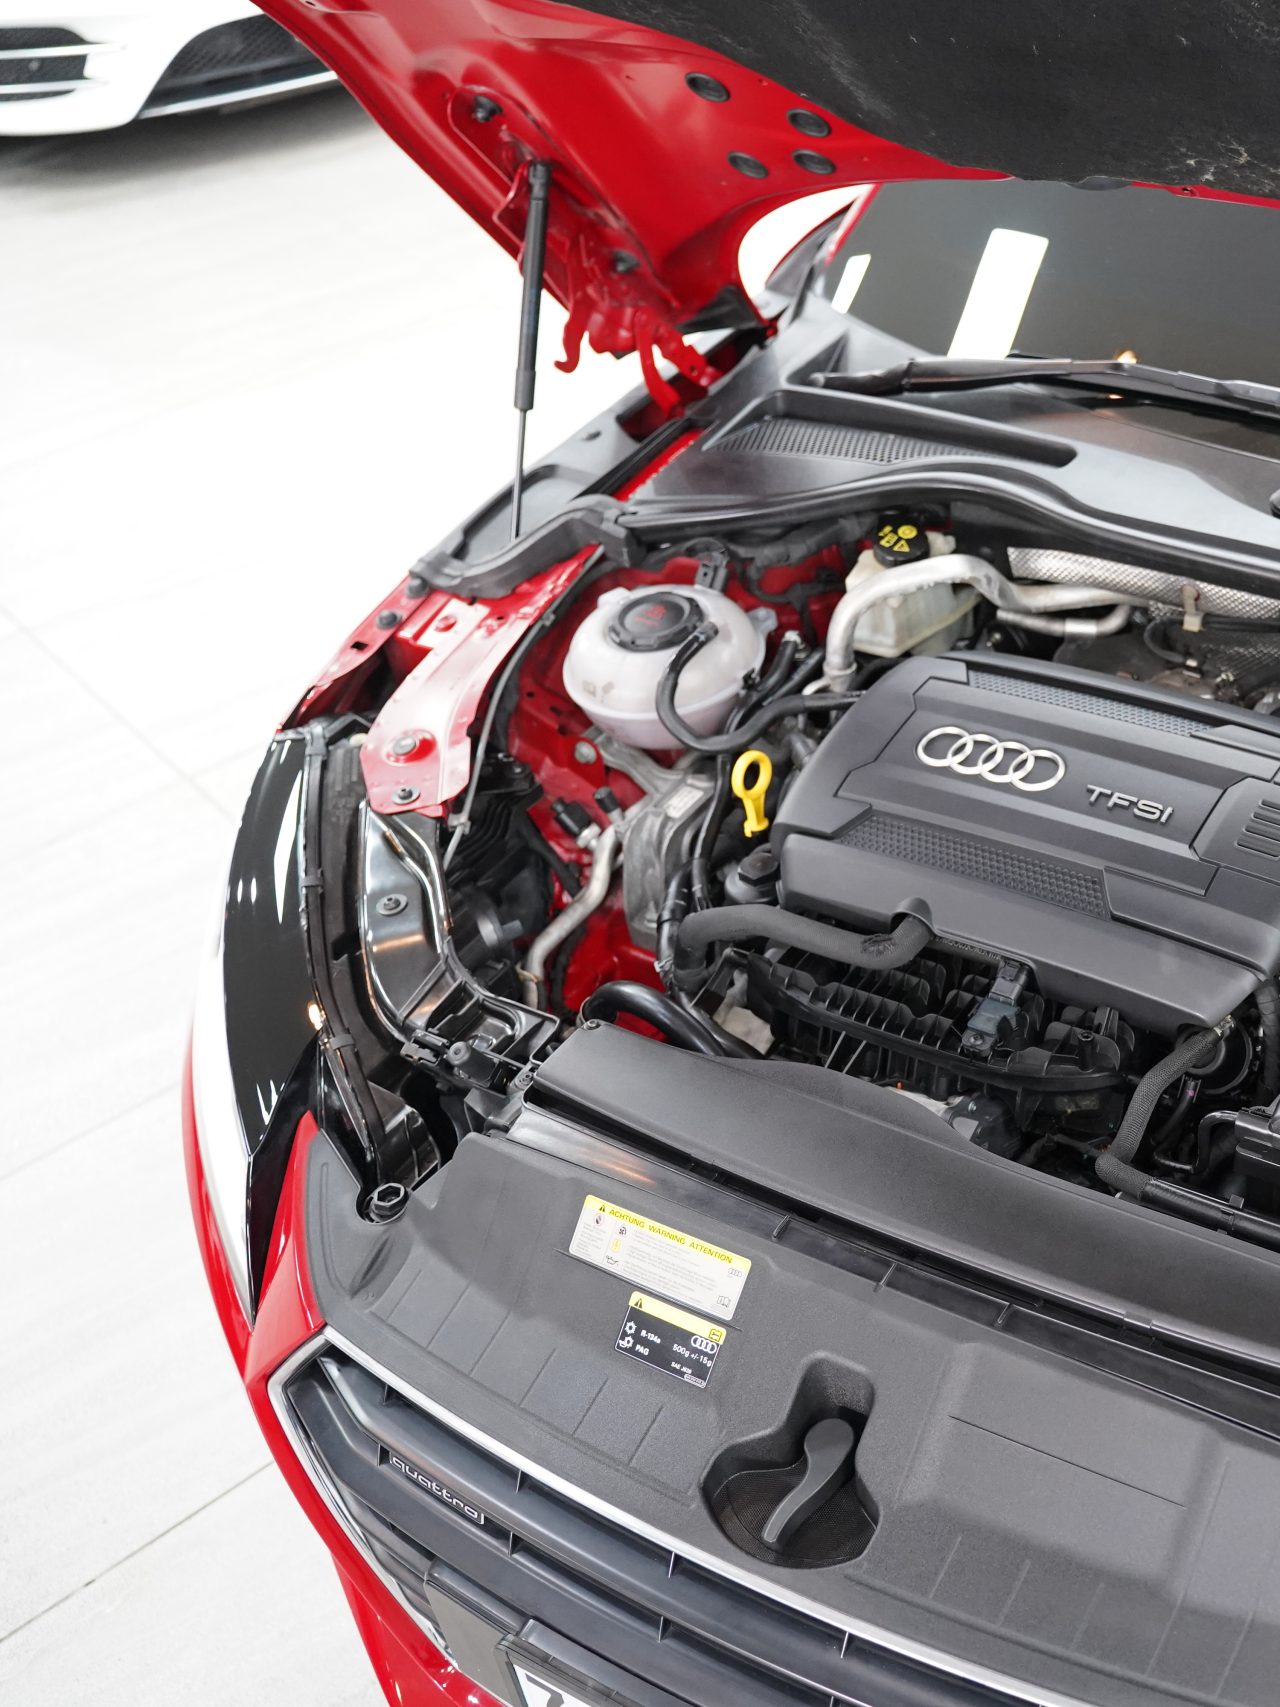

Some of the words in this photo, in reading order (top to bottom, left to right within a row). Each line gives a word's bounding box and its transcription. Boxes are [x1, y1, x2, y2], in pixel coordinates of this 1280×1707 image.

[1086, 784, 1174, 823] TFSI
[608, 1208, 645, 1229] ACHTUNG
[648, 1225, 686, 1245] WARNING
[689, 1237, 734, 1265] ATTENTION
[635, 1344, 650, 1356] PAG
[640, 1329, 662, 1344] R-134a
[672, 1343, 690, 1358] 500g
[392, 1456, 479, 1519] quattro
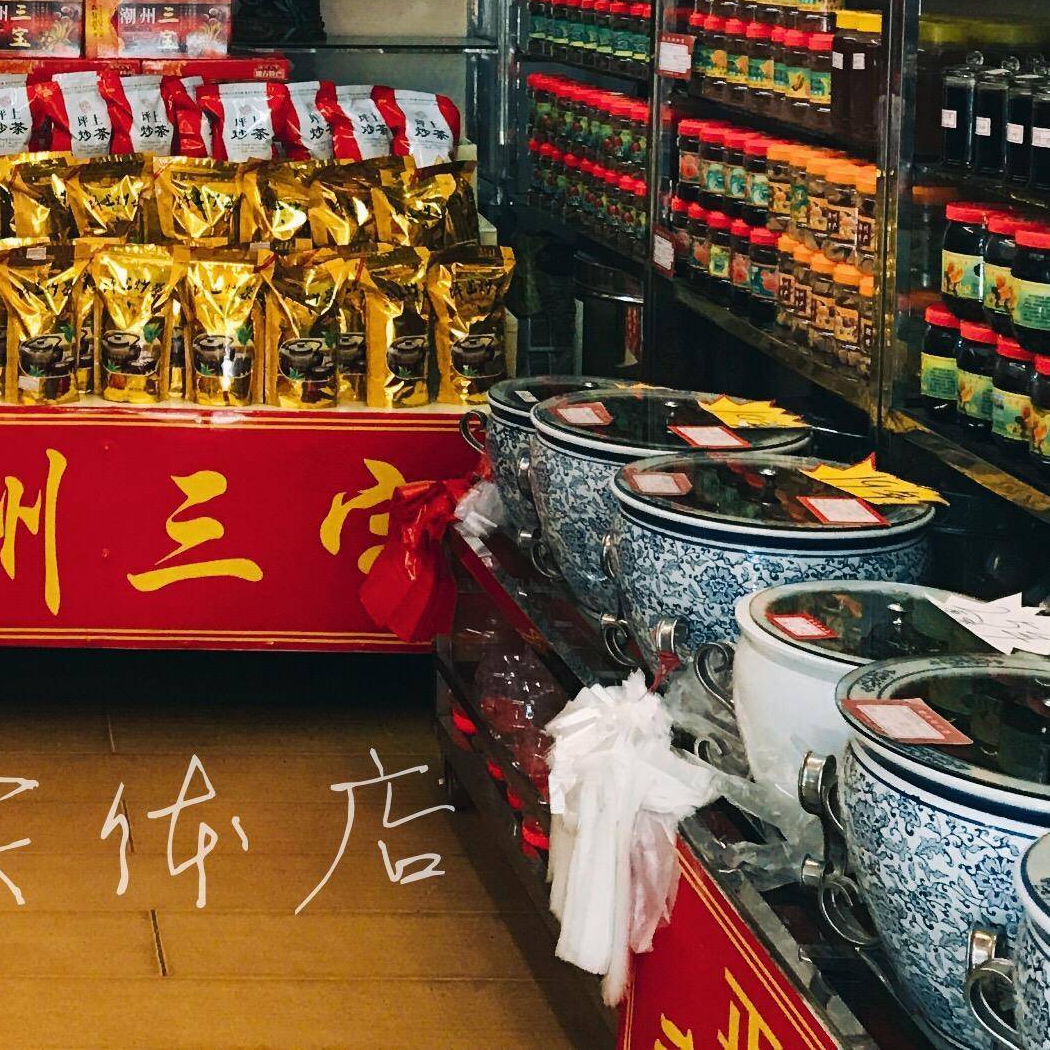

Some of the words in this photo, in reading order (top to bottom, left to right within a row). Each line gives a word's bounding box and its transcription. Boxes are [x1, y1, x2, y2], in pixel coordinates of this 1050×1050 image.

[120, 7, 156, 24] 潮州
[78, 127, 110, 142] 炒茶
[140, 125, 170, 138] 炒茶
[230, 127, 270, 140] 炒茶

**REQUIREMENT**: Each record above must be retyped exactly as given, with the images excluded.

**FINISHED TASK**:
Some of the words in this photo, in reading order (top to bottom, left to right within a row). Each line gives a word's bounding box and its transcription. Boxes are [x1, y1, x2, y2], in pixel coordinates of this 1280×1707 image.

[1086, 784, 1174, 823] TFSI
[608, 1208, 645, 1229] ACHTUNG
[648, 1225, 686, 1245] WARNING
[689, 1237, 734, 1265] ATTENTION
[635, 1344, 650, 1356] PAG
[640, 1329, 662, 1344] R-134a
[672, 1343, 690, 1358] 500g
[392, 1456, 479, 1519] quattro

Some of the words in this photo, in reading order (top to bottom, left to right within a row). Each line gives a word's bounding box and its transcription. Boxes are [x1, y1, x2, y2], in pixel coordinates of this 1050×1050 image.

[120, 7, 156, 24] 潮州
[78, 127, 110, 142] 炒茶
[140, 125, 170, 138] 炒茶
[230, 127, 270, 140] 炒茶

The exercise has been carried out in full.